* _Problem_: Copy out every line of the data exactly; do not include the images.

* _Provided material_:
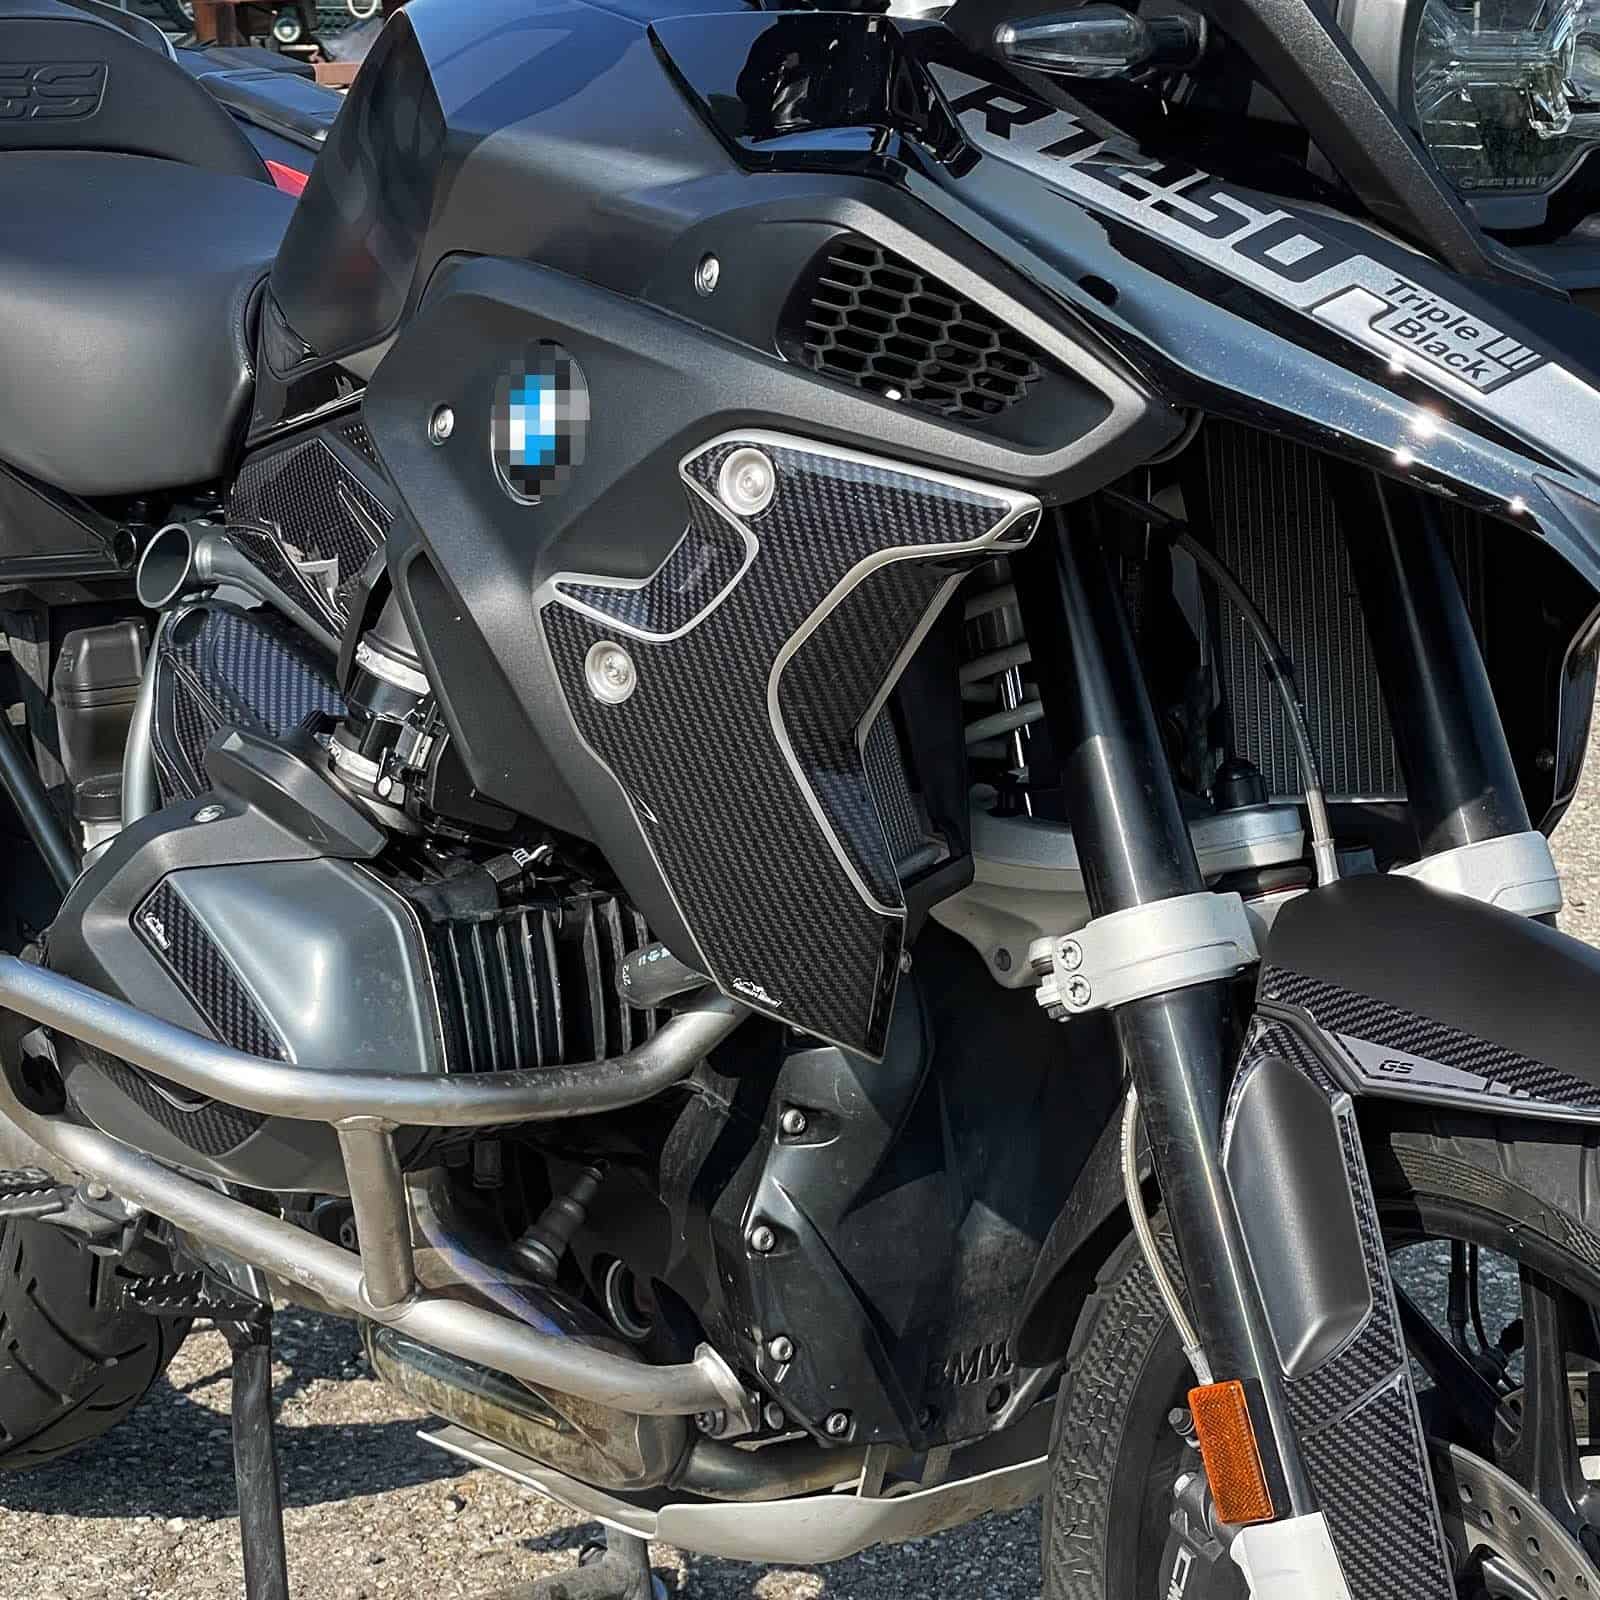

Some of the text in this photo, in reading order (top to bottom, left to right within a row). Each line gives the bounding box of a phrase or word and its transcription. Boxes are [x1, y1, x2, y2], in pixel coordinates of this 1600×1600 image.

[948, 84, 1344, 283] R1250
[1385, 278, 1480, 341] Triple
[1390, 317, 1491, 380] Black
[1379, 1059, 1414, 1074] GS

* _Response area_:
Some of the text in this photo, in reading order (top to bottom, left to right within a row). Each line gives the bounding box of a phrase or word and its transcription. Boxes are [x1, y1, x2, y2], in pixel coordinates of this 1600×1600 image.

[948, 84, 1344, 283] R1250
[1385, 278, 1480, 341] Triple
[1390, 317, 1491, 380] Black
[1379, 1059, 1414, 1074] GS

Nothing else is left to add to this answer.